What to produce >>
Word for word, and with pictures excluded, copy out all the records that follow.

Entries shown >>
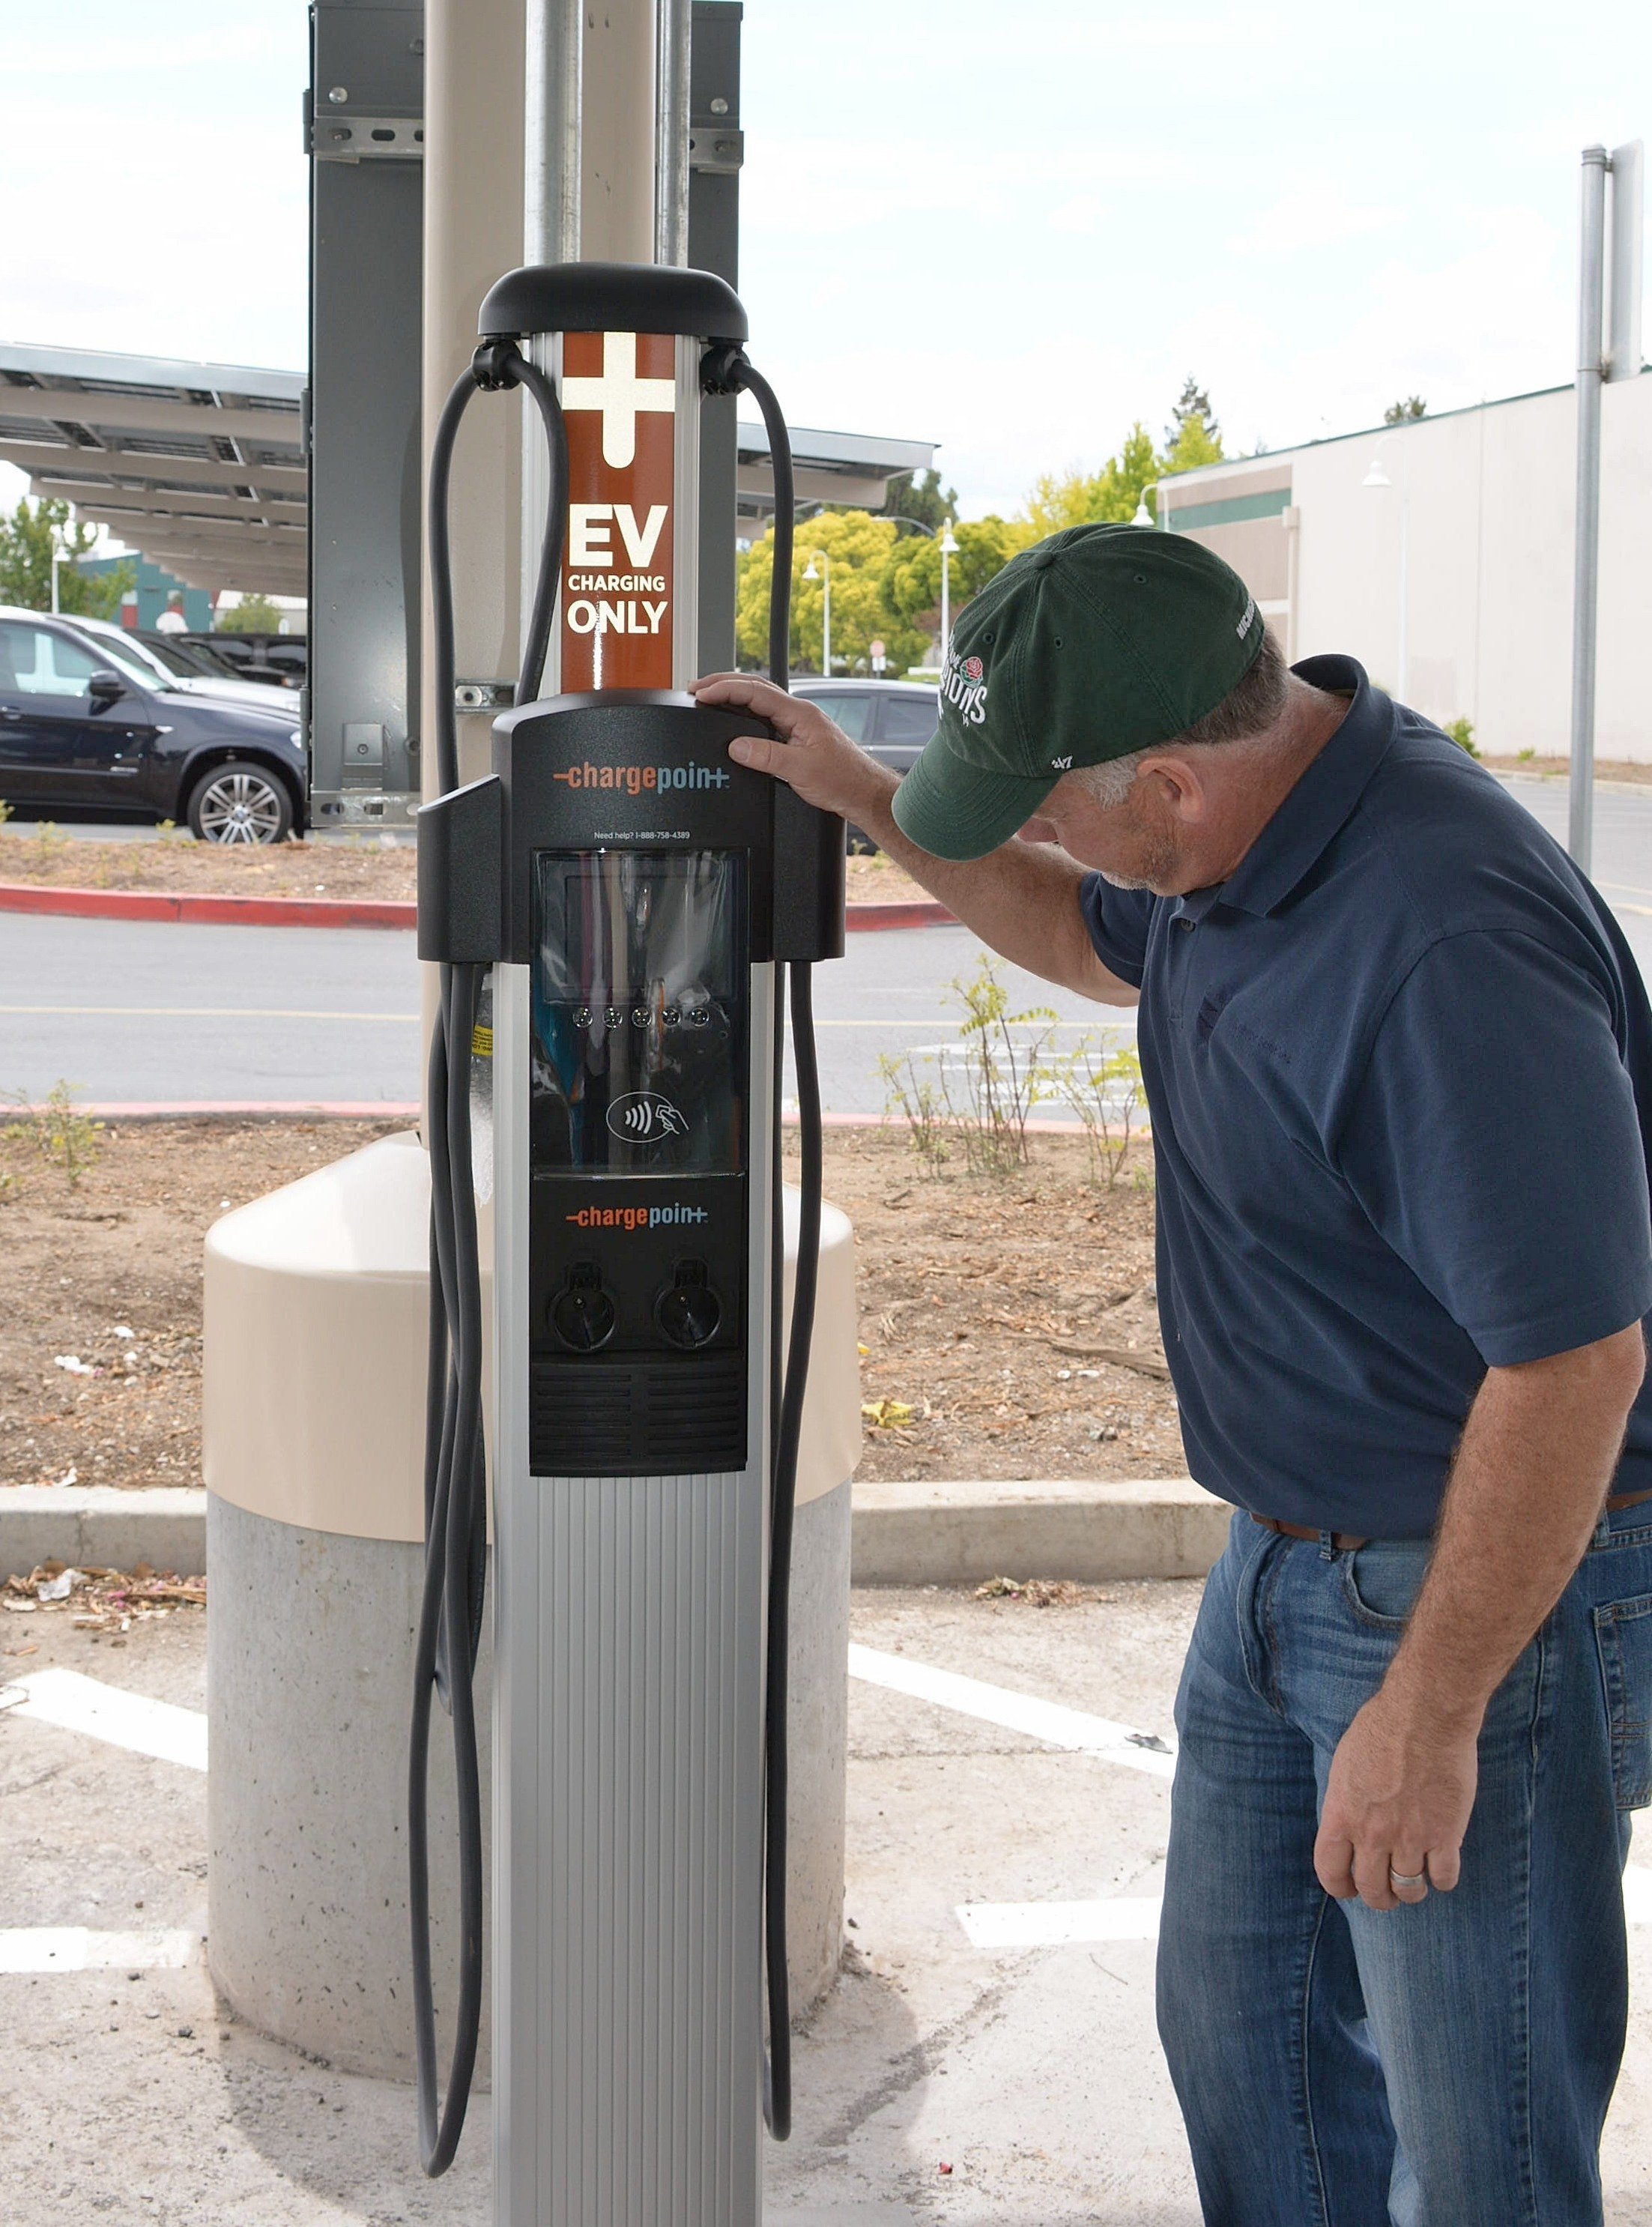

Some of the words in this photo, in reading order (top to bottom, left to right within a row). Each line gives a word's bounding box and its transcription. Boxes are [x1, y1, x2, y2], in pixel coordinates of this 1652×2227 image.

[569, 504, 668, 567] EV
[568, 574, 665, 592] CHARGING
[567, 600, 668, 634] ONLY
[594, 831, 613, 839] Need
[614, 831, 634, 841] help?
[635, 831, 691, 839] 1-888-758-4389
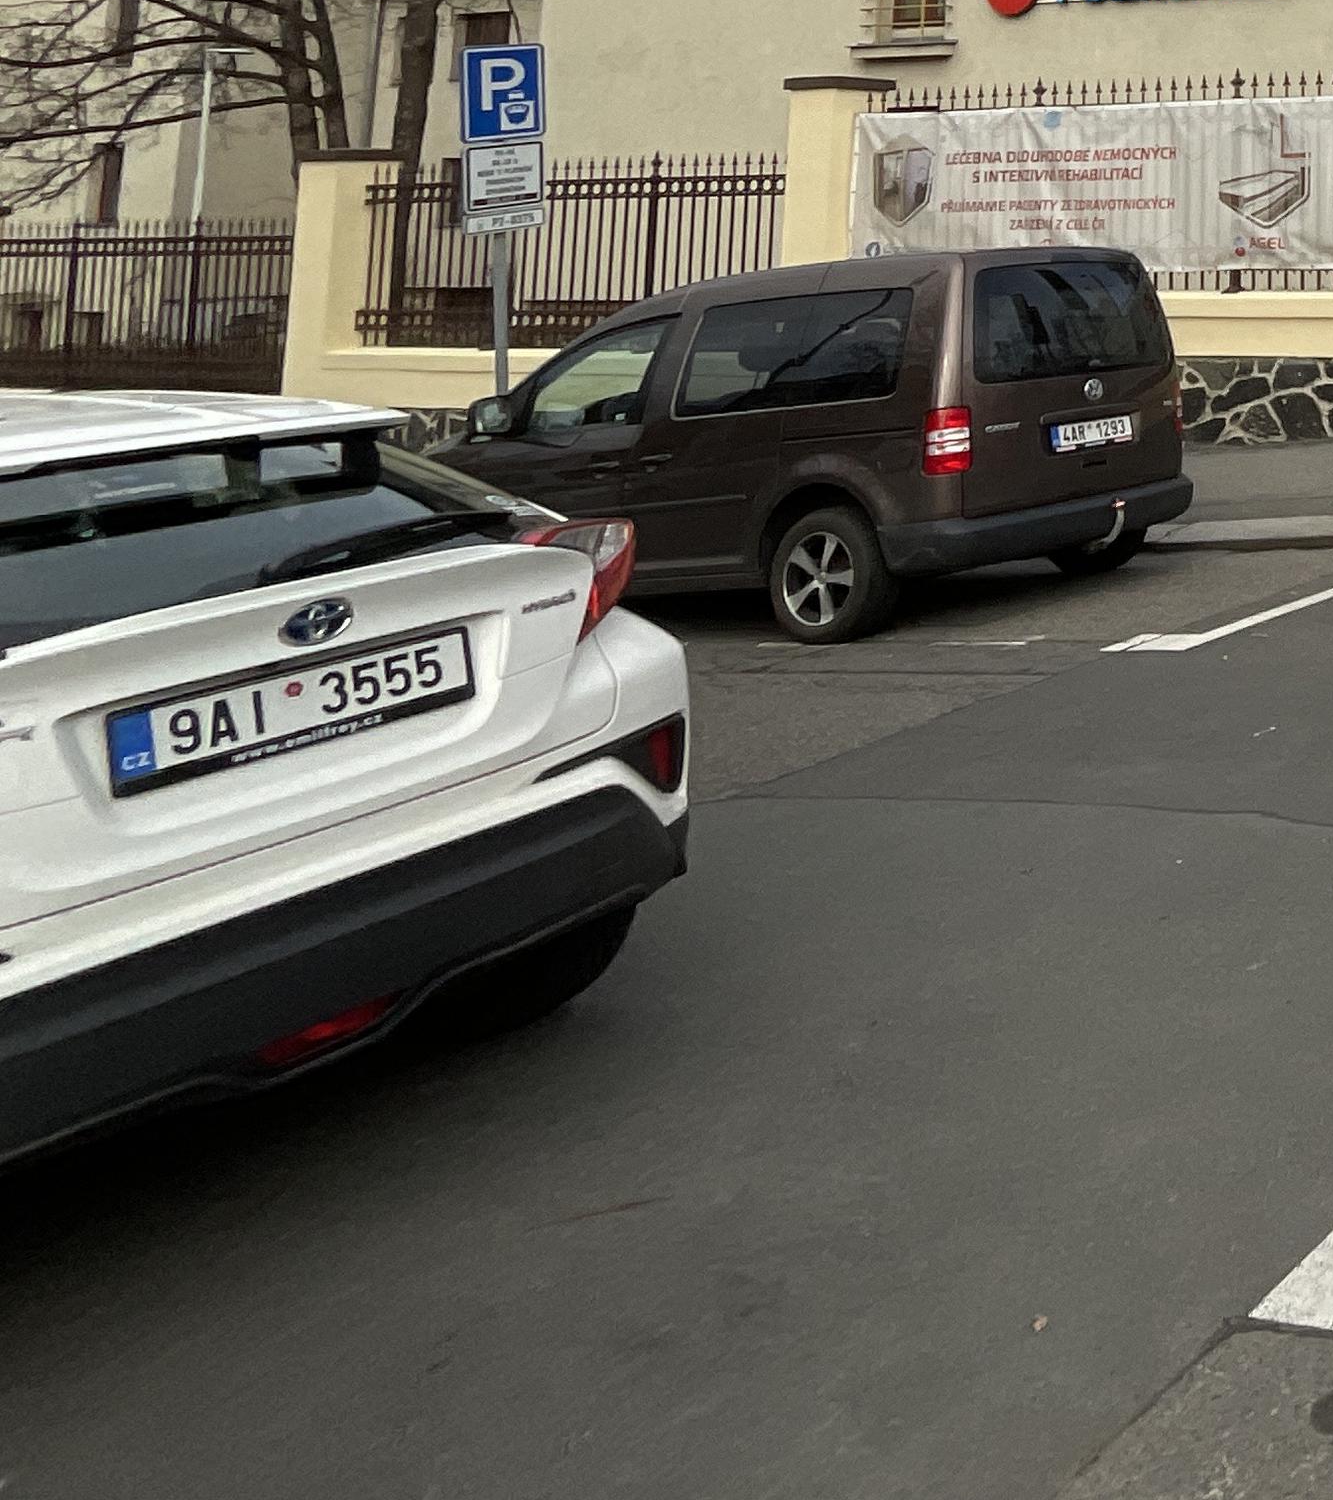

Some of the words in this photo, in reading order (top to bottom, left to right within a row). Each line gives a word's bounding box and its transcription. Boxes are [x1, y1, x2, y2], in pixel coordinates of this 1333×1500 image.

[480, 58, 526, 111] P
[1249, 237, 1286, 249] AGEL
[1063, 426, 1087, 443] 4AR
[1097, 419, 1126, 438] 1293
[121, 751, 151, 772] CZ
[168, 690, 266, 755] 9AI
[319, 645, 443, 714] 3555

Exercise response >>
Some of the words in this photo, in reading order (top to bottom, left to right within a row). Each line gives a word's bounding box and its transcription. Boxes are [x1, y1, x2, y2], in pixel coordinates of this 1652×2227 image.

[569, 504, 668, 567] EV
[568, 574, 665, 592] CHARGING
[567, 600, 668, 634] ONLY
[594, 831, 613, 839] Need
[614, 831, 634, 841] help?
[635, 831, 691, 839] 1-888-758-4389

Some of the words in this photo, in reading order (top to bottom, left to right within a row). Each line gives a word's bounding box and its transcription. Boxes are [x1, y1, x2, y2], in pixel coordinates of this 1333×1500 image.

[480, 58, 526, 111] P
[1249, 237, 1286, 249] AGEL
[1063, 426, 1087, 443] 4AR
[1097, 419, 1126, 438] 1293
[121, 751, 151, 772] CZ
[168, 690, 266, 755] 9AI
[319, 645, 443, 714] 3555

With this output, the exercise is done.